Data listing:
************

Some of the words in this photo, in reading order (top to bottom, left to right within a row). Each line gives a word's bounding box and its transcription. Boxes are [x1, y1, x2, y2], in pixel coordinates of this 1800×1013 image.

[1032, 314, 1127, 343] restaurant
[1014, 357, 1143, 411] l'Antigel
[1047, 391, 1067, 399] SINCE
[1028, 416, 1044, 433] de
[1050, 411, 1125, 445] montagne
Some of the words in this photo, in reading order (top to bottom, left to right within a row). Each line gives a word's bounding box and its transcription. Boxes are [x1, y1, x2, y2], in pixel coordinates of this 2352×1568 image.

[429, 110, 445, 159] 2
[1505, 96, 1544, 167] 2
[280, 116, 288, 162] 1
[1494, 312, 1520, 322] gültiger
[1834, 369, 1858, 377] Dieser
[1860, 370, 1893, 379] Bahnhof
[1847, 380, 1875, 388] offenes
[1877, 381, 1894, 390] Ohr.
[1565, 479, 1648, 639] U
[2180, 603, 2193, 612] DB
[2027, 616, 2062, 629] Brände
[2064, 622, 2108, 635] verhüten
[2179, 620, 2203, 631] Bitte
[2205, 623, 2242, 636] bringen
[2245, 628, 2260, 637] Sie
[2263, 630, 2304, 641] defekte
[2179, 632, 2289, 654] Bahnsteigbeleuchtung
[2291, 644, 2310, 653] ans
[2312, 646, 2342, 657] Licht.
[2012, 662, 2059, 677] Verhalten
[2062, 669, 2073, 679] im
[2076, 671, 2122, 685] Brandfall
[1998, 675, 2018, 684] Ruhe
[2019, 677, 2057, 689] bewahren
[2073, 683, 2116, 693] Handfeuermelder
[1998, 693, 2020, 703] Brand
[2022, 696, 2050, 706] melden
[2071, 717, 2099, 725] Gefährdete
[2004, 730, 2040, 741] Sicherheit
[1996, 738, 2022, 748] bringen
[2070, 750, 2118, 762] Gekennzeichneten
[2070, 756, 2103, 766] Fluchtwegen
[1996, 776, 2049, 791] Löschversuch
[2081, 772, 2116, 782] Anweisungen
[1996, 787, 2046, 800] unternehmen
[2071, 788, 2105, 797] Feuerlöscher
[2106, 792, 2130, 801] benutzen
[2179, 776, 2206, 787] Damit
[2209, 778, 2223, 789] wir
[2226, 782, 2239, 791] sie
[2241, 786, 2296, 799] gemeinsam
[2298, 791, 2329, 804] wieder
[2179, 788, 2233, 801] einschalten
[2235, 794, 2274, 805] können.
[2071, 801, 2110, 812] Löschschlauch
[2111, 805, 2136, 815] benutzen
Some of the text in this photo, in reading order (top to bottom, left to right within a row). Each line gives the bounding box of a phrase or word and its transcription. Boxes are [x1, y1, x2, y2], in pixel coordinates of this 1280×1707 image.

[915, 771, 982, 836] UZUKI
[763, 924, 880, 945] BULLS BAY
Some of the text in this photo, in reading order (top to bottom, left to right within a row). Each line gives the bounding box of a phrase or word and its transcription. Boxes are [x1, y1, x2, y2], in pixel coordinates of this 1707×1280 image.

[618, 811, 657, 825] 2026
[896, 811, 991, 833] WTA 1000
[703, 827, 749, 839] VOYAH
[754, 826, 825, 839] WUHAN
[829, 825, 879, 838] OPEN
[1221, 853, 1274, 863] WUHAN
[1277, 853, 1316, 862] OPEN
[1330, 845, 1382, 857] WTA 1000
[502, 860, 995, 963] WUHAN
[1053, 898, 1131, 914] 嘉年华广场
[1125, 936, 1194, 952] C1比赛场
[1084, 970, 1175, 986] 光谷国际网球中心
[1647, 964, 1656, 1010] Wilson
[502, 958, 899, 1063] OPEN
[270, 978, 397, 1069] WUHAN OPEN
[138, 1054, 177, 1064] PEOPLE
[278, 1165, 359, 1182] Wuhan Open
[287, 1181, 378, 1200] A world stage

************

Problem to work on: Reproduce the material above. Do not change a word.

Answer:
Some of the words in this photo, in reading order (top to bottom, left to right within a row). Each line gives a word's bounding box and its transcription. Boxes are [x1, y1, x2, y2], in pixel coordinates of this 1800×1013 image.

[1032, 314, 1127, 343] restaurant
[1014, 357, 1143, 411] l'Antigel
[1047, 391, 1067, 399] SINCE
[1028, 416, 1044, 433] de
[1050, 411, 1125, 445] montagne
Some of the words in this photo, in reading order (top to bottom, left to right within a row). Each line gives a word's bounding box and its transcription. Boxes are [x1, y1, x2, y2], in pixel coordinates of this 2352×1568 image.

[429, 110, 445, 159] 2
[1505, 96, 1544, 167] 2
[280, 116, 288, 162] 1
[1494, 312, 1520, 322] gültiger
[1834, 369, 1858, 377] Dieser
[1860, 370, 1893, 379] Bahnhof
[1847, 380, 1875, 388] offenes
[1877, 381, 1894, 390] Ohr.
[1565, 479, 1648, 639] U
[2180, 603, 2193, 612] DB
[2027, 616, 2062, 629] Brände
[2064, 622, 2108, 635] verhüten
[2179, 620, 2203, 631] Bitte
[2205, 623, 2242, 636] bringen
[2245, 628, 2260, 637] Sie
[2263, 630, 2304, 641] defekte
[2179, 632, 2289, 654] Bahnsteigbeleuchtung
[2291, 644, 2310, 653] ans
[2312, 646, 2342, 657] Licht.
[2012, 662, 2059, 677] Verhalten
[2062, 669, 2073, 679] im
[2076, 671, 2122, 685] Brandfall
[1998, 675, 2018, 684] Ruhe
[2019, 677, 2057, 689] bewahren
[2073, 683, 2116, 693] Handfeuermelder
[1998, 693, 2020, 703] Brand
[2022, 696, 2050, 706] melden
[2071, 717, 2099, 725] Gefährdete
[2004, 730, 2040, 741] Sicherheit
[1996, 738, 2022, 748] bringen
[2070, 750, 2118, 762] Gekennzeichneten
[2070, 756, 2103, 766] Fluchtwegen
[1996, 776, 2049, 791] Löschversuch
[2081, 772, 2116, 782] Anweisungen
[1996, 787, 2046, 800] unternehmen
[2071, 788, 2105, 797] Feuerlöscher
[2106, 792, 2130, 801] benutzen
[2179, 776, 2206, 787] Damit
[2209, 778, 2223, 789] wir
[2226, 782, 2239, 791] sie
[2241, 786, 2296, 799] gemeinsam
[2298, 791, 2329, 804] wieder
[2179, 788, 2233, 801] einschalten
[2235, 794, 2274, 805] können.
[2071, 801, 2110, 812] Löschschlauch
[2111, 805, 2136, 815] benutzen
Some of the text in this photo, in reading order (top to bottom, left to right within a row). Each line gives the bounding box of a phrase or word and its transcription. Boxes are [x1, y1, x2, y2], in pixel coordinates of this 1280×1707 image.

[915, 771, 982, 836] UZUKI
[763, 924, 880, 945] BULLS BAY
Some of the text in this photo, in reading order (top to bottom, left to right within a row). Each line gives the bounding box of a phrase or word and its transcription. Boxes are [x1, y1, x2, y2], in pixel coordinates of this 1707×1280 image.

[618, 811, 657, 825] 2026
[896, 811, 991, 833] WTA 1000
[703, 827, 749, 839] VOYAH
[754, 826, 825, 839] WUHAN
[829, 825, 879, 838] OPEN
[1221, 853, 1274, 863] WUHAN
[1277, 853, 1316, 862] OPEN
[1330, 845, 1382, 857] WTA 1000
[502, 860, 995, 963] WUHAN
[1053, 898, 1131, 914] 嘉年华广场
[1125, 936, 1194, 952] C1比赛场
[1084, 970, 1175, 986] 光谷国际网球中心
[1647, 964, 1656, 1010] Wilson
[502, 958, 899, 1063] OPEN
[270, 978, 397, 1069] WUHAN OPEN
[138, 1054, 177, 1064] PEOPLE
[278, 1165, 359, 1182] Wuhan Open
[287, 1181, 378, 1200] A world stage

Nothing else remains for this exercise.